** ACTION ITEM **
The records below are to be transcribed in full, exactly as given.
☆ ☆ ☆ ☆
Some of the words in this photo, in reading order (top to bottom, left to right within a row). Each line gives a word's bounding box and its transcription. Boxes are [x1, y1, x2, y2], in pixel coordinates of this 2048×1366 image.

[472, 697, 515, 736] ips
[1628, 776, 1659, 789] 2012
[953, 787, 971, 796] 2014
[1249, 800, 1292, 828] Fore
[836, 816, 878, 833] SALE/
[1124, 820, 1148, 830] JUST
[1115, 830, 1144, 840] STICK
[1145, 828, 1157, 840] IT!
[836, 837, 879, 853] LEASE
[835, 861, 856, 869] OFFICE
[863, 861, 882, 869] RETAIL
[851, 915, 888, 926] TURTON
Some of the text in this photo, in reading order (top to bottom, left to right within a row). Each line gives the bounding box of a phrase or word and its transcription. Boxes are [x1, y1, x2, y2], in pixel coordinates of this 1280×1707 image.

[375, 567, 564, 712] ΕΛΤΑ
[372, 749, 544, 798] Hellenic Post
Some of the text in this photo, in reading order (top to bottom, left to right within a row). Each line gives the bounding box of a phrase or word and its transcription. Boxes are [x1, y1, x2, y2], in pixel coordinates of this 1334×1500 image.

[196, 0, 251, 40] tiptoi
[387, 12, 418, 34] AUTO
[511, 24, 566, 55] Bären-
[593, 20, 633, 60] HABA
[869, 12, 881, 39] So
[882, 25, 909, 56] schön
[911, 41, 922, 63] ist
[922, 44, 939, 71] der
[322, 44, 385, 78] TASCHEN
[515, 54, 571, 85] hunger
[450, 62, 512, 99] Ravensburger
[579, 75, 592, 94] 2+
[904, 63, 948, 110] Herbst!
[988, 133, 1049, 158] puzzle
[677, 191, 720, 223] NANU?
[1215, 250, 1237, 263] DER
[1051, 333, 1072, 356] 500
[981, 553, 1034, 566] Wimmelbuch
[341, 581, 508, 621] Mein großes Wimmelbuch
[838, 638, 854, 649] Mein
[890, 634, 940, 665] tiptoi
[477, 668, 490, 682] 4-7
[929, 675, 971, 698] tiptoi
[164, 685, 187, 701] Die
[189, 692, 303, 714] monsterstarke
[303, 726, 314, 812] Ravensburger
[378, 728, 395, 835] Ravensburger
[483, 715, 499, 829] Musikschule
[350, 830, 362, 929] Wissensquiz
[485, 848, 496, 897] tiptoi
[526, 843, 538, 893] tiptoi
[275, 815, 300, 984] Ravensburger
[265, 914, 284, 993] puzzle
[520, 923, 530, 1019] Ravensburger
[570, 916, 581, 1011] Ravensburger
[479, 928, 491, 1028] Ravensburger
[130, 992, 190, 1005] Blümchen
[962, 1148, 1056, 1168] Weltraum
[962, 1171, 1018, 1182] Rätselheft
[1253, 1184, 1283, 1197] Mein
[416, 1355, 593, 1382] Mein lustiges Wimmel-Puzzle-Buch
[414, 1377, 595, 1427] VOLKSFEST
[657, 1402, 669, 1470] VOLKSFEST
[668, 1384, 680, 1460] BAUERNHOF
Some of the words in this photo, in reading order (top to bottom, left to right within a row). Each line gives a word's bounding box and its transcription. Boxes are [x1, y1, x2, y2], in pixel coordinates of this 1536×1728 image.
☆ ☆ ☆ ☆
** OUTPUT OF THE TASK **
Some of the words in this photo, in reading order (top to bottom, left to right within a row). Each line gives a word's bounding box and its transcription. Boxes are [x1, y1, x2, y2], in pixel coordinates of this 2048×1366 image.

[472, 697, 515, 736] ips
[1628, 776, 1659, 789] 2012
[953, 787, 971, 796] 2014
[1249, 800, 1292, 828] Fore
[836, 816, 878, 833] SALE/
[1124, 820, 1148, 830] JUST
[1115, 830, 1144, 840] STICK
[1145, 828, 1157, 840] IT!
[836, 837, 879, 853] LEASE
[835, 861, 856, 869] OFFICE
[863, 861, 882, 869] RETAIL
[851, 915, 888, 926] TURTON
Some of the text in this photo, in reading order (top to bottom, left to right within a row). Each line gives the bounding box of a phrase or word and its transcription. Boxes are [x1, y1, x2, y2], in pixel coordinates of this 1280×1707 image.

[375, 567, 564, 712] ΕΛΤΑ
[372, 749, 544, 798] Hellenic Post
Some of the text in this photo, in reading order (top to bottom, left to right within a row). Each line gives the bounding box of a phrase or word and its transcription. Boxes are [x1, y1, x2, y2], in pixel coordinates of this 1334×1500 image.

[196, 0, 251, 40] tiptoi
[387, 12, 418, 34] AUTO
[511, 24, 566, 55] Bären-
[593, 20, 633, 60] HABA
[869, 12, 881, 39] So
[882, 25, 909, 56] schön
[911, 41, 922, 63] ist
[922, 44, 939, 71] der
[322, 44, 385, 78] TASCHEN
[515, 54, 571, 85] hunger
[450, 62, 512, 99] Ravensburger
[579, 75, 592, 94] 2+
[904, 63, 948, 110] Herbst!
[988, 133, 1049, 158] puzzle
[677, 191, 720, 223] NANU?
[1215, 250, 1237, 263] DER
[1051, 333, 1072, 356] 500
[981, 553, 1034, 566] Wimmelbuch
[341, 581, 508, 621] Mein großes Wimmelbuch
[838, 638, 854, 649] Mein
[890, 634, 940, 665] tiptoi
[477, 668, 490, 682] 4-7
[929, 675, 971, 698] tiptoi
[164, 685, 187, 701] Die
[189, 692, 303, 714] monsterstarke
[303, 726, 314, 812] Ravensburger
[378, 728, 395, 835] Ravensburger
[483, 715, 499, 829] Musikschule
[350, 830, 362, 929] Wissensquiz
[485, 848, 496, 897] tiptoi
[526, 843, 538, 893] tiptoi
[275, 815, 300, 984] Ravensburger
[265, 914, 284, 993] puzzle
[520, 923, 530, 1019] Ravensburger
[570, 916, 581, 1011] Ravensburger
[479, 928, 491, 1028] Ravensburger
[130, 992, 190, 1005] Blümchen
[962, 1148, 1056, 1168] Weltraum
[962, 1171, 1018, 1182] Rätselheft
[1253, 1184, 1283, 1197] Mein
[416, 1355, 593, 1382] Mein lustiges Wimmel-Puzzle-Buch
[414, 1377, 595, 1427] VOLKSFEST
[657, 1402, 669, 1470] VOLKSFEST
[668, 1384, 680, 1460] BAUERNHOF
Some of the words in this photo, in reading order (top to bottom, left to right within a row). Each line gives a word's bounding box and its transcription. Boxes are [x1, y1, x2, y2], in pixel coordinates of this 1536×1728 image.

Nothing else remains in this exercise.